1. Introduction

The ever increasing use of Internet services leads to challenges concerning transmission or storage of signals, such as image and video. In one-way communication systems, for example in digital television (DTV) broadcast (Alencar, 2009), the time lag (latency) between the signal arriving at the receiver input and being delivered as an image on the screen of a TV set, although much higher than in the old analogue TV receivers, does not constitute a critical issue. On the other hand, latency becomes a critical issue in bi-directional digital communication systems as, for example, live ex-change of medical images or mobile phone conversation. The culprit responsible for most of the latency in modern digital communication receivers is the error-correcting code (Drury, Markarian, & Pickavance, 2001). Among other improvements in future mobile systems, 5G mobile phone systems (Carlton, 2017) will employ both polar codes (Arikan, 2009) and low density parity check codes (Gallager, 2001) to reduce latency.

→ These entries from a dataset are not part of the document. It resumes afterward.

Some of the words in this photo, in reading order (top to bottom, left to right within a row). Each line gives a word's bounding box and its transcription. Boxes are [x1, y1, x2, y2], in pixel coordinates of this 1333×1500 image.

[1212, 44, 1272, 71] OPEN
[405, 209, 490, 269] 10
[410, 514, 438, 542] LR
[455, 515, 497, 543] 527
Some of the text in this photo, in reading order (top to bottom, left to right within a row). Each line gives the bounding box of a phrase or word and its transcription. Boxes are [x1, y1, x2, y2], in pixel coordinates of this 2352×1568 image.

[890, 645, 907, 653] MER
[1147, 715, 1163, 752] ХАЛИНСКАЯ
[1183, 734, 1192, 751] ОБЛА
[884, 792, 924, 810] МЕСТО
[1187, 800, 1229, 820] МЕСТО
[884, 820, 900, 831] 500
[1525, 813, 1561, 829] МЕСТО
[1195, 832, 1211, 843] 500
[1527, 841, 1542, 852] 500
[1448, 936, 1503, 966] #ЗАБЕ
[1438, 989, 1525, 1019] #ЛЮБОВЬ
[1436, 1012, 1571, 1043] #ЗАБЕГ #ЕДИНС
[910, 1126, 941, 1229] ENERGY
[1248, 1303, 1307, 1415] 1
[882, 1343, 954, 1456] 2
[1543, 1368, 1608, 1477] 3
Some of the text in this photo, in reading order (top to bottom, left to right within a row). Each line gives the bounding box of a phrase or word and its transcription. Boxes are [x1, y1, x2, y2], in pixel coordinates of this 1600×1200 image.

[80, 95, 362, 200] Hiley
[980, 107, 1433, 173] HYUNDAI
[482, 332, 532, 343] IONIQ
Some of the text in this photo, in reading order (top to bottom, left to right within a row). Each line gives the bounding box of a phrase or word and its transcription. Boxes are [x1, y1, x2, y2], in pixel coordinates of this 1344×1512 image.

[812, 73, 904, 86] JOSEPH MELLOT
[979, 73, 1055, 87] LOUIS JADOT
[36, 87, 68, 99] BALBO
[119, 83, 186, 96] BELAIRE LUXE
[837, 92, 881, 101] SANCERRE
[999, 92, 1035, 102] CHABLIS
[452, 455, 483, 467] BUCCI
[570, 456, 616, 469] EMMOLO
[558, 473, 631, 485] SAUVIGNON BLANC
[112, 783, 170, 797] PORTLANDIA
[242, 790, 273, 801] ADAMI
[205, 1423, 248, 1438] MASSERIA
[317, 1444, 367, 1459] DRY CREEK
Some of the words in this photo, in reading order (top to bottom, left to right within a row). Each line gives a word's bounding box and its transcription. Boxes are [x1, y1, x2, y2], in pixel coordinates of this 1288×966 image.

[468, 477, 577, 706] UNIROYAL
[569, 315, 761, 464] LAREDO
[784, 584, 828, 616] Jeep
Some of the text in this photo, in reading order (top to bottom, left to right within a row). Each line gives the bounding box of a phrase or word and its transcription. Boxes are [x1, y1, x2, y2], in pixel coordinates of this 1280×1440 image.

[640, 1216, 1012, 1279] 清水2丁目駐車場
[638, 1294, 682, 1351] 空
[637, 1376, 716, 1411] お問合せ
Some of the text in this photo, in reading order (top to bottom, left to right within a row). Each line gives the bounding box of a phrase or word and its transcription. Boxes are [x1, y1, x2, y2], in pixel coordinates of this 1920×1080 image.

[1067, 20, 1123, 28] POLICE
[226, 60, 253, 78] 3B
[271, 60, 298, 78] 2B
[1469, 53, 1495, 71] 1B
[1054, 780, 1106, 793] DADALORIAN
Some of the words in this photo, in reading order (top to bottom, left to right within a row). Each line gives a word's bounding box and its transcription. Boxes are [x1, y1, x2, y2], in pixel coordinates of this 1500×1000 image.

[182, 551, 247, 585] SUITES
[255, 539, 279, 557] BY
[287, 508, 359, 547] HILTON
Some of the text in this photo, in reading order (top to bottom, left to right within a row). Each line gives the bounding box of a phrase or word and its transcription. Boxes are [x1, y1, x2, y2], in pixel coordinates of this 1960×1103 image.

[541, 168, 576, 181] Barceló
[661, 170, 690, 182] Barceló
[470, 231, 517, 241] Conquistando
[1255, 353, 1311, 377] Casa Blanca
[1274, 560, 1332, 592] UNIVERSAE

In this paper we make use of a recent contribution to error-correcting codes, called polar codes by Arikan (Arikan, 2009), as mentioned earlier, considering the context of image transmission.

Polar coding for image and speech transmission using successive cancellation (SC) decoding has been proved to perform better than low density parity check (LDPC) codes over AWGN channels (Zhao, Shi, & Wang, 2011; Payommai & Chamnongthai, 2013). Reference (Mishra, Sharma, & De, 2014) compares the performance of po-lar codes versus BCH codes for image transmission using the 64-QAM (quadrature amplitude modulation) orthogonal frequency division multiplexing (OFDM) system over a continuous AWGN communication chan-nel with SC decoder, for values of signal to noise ratio (E_b=N₀) in the range of 5dB to 20dB, i.e., high signal to noise ratios. The concatenation of a polar code with a BCH code is also considered in (Mishra et al., 2014) and shown to improve performance in comparison with the use of polar codes, at a cost of reducing overall code rate.

Recent papers address the use of polar codes in the scenario of 60-GHz millimeter communication (Wei, Li, & Zhao, 2015) and presence of realistic impulse noise (Jin et al., 2016). For data storage applications, an algorithm with high-throughput has been introduced for SC in (Sarkis, Giard, Vardy, Thibeault, & Gross,2014), as well for successive cancellation list (SCL)
(Sarkis, Giard, Vardy, Thibeault, & Gross, 2016b). A detailed comparison in terms of complexity with SC and SCL decoders, for turbo codes and LDPC codes, can be found (Niu, Chen, Lin, & Zhang, 2014). Regarding image transmission, there are several important practical problems, such as efficient representation (i.e., efficient compression) of images aiming at reducing storage and/or easing channel bandwidth requirements. Another relevant problem is the conception and application of techniques for robust image transmission, for minimizing the annoying effects of channel errors. As a consequence, research has been done in the scenario of image compression (Hanhart, Bernardo, Pereira, G. Pinheiro, & Ebrahimi, 2015; Dhandapani & Ramachandran, 2014; Wen, Ma, & Zhao, 2014) as well as image transmission (Qazi, Shoaib, Javaid, & Asif, 2009; Liu, Wang, Chang, & Li, 2014; Abot, Olivier, Perrine, & Pousset, 2012; Sarisaray-Boluk, Gungor, Baydere, & Harmanci, 2011; Nikolakopoulos, Kandris, & Tzes, 2010; Azevedo, Madeiro, Lopes, & Lima, 2016).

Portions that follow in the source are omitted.